Exercise objective: Would you please output all the records exactly as given? Pictures should not appear in the copy.

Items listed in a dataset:

-=-=-

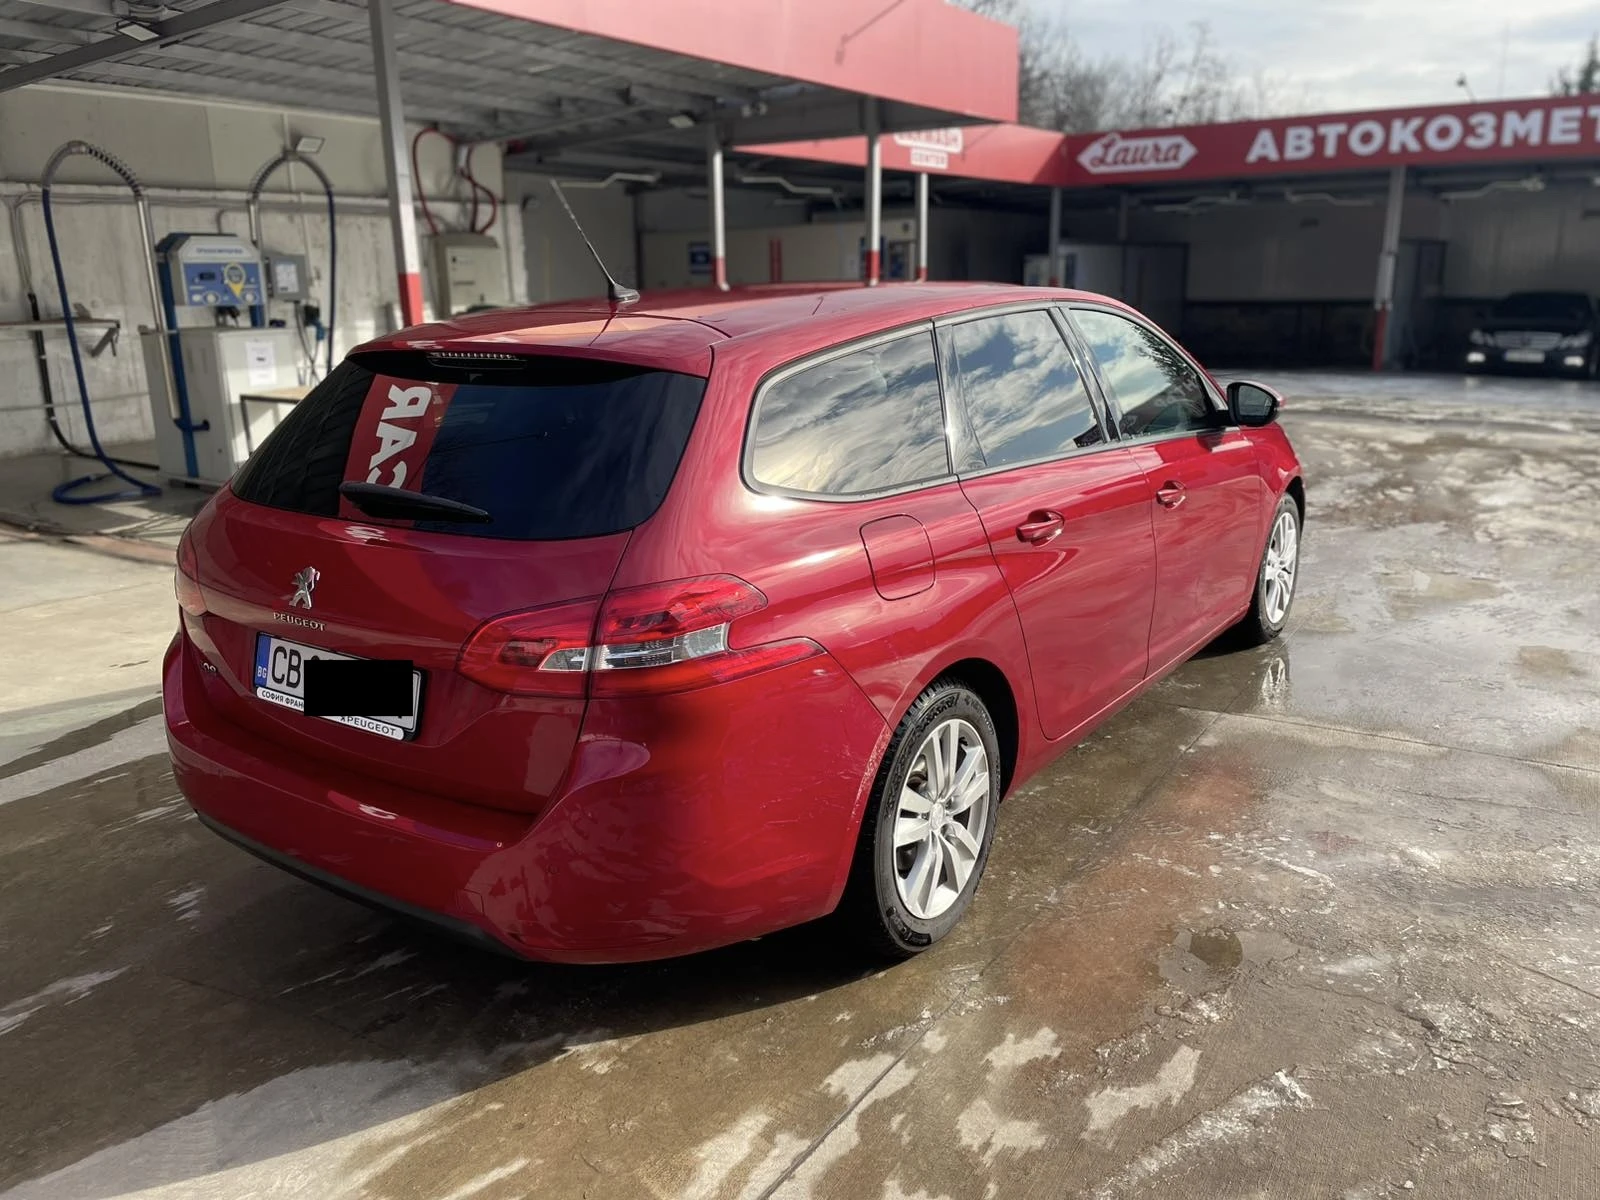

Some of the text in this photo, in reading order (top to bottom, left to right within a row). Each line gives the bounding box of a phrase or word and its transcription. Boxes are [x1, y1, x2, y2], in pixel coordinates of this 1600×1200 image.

[1090, 137, 1182, 168] Laura
[273, 611, 326, 632] PEUGEOT
[257, 665, 267, 679] BG
[261, 689, 304, 710] СОФИЯ ФРАН
[347, 717, 396, 736] PEUGEOT
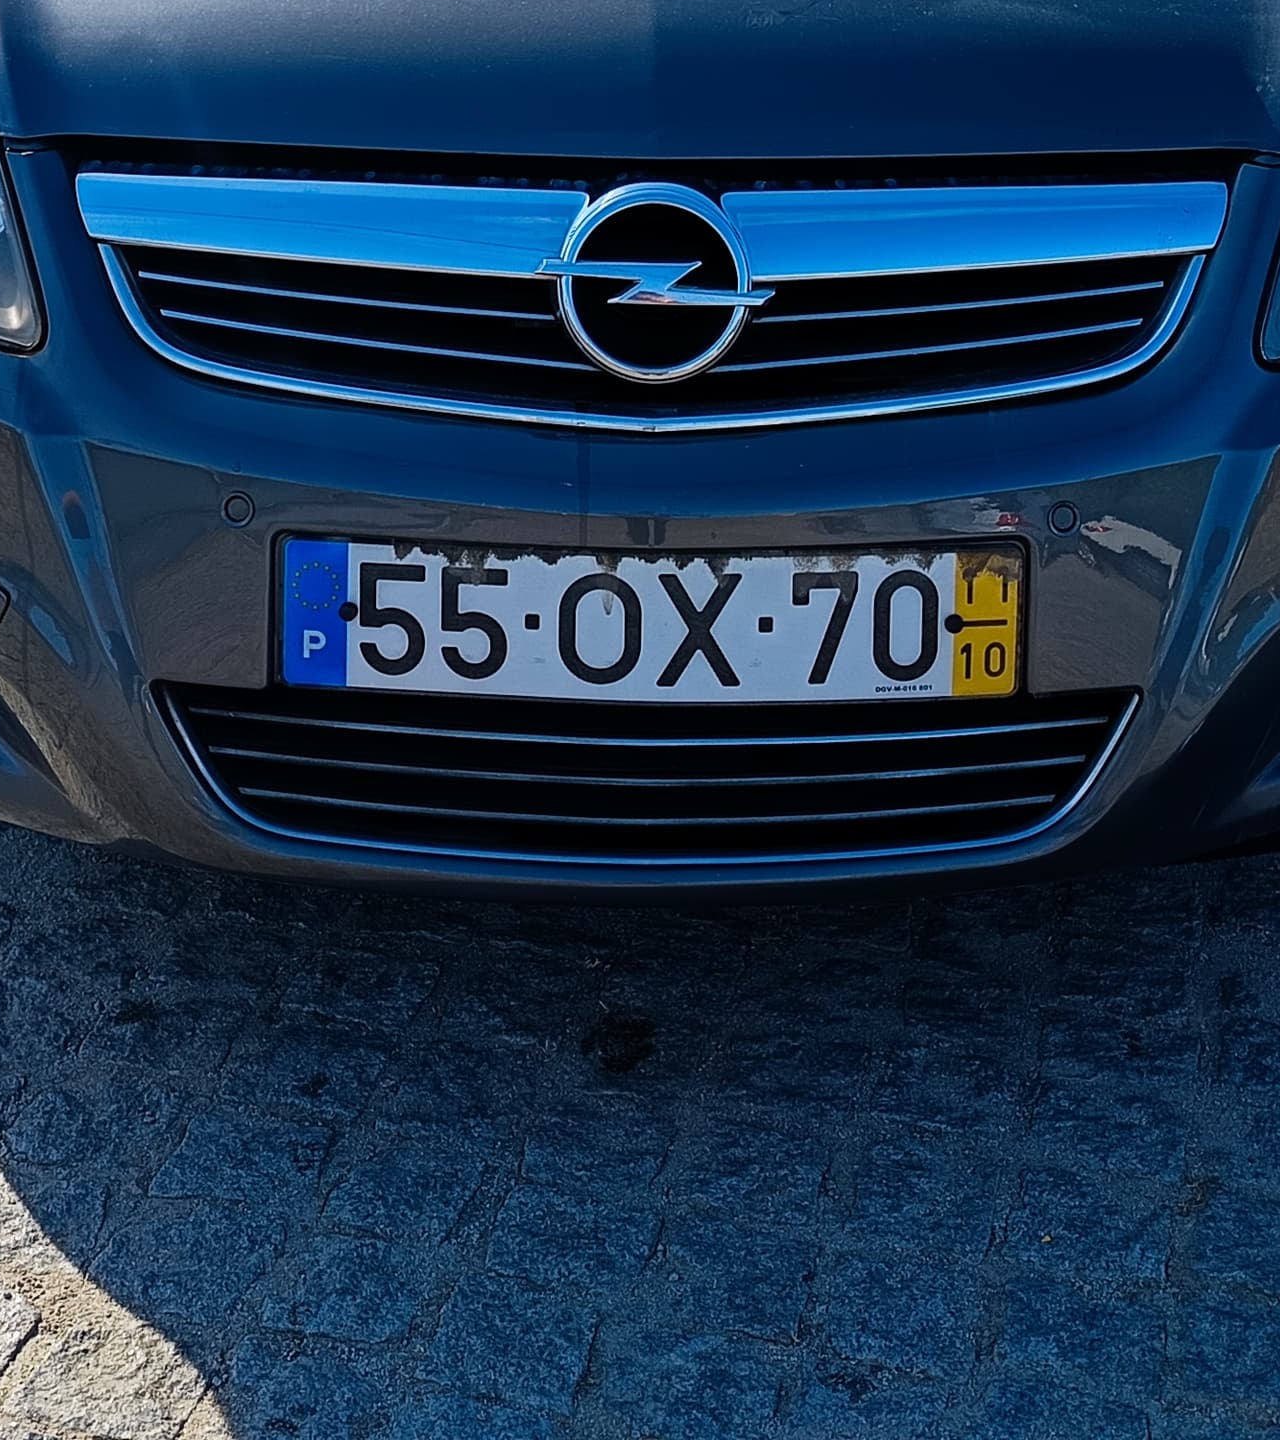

-=-=-

Task response:
Some of the text in this photo, in reading order (top to bottom, left to right within a row). Each line gives the bounding box of a phrase or word and its transcription. Boxes are [x1, y1, x2, y2], in pixel coordinates of this 1600×1200 image.

[1090, 137, 1182, 168] Laura
[273, 611, 326, 632] PEUGEOT
[257, 665, 267, 679] BG
[261, 689, 304, 710] СОФИЯ ФРАН
[347, 717, 396, 736] PEUGEOT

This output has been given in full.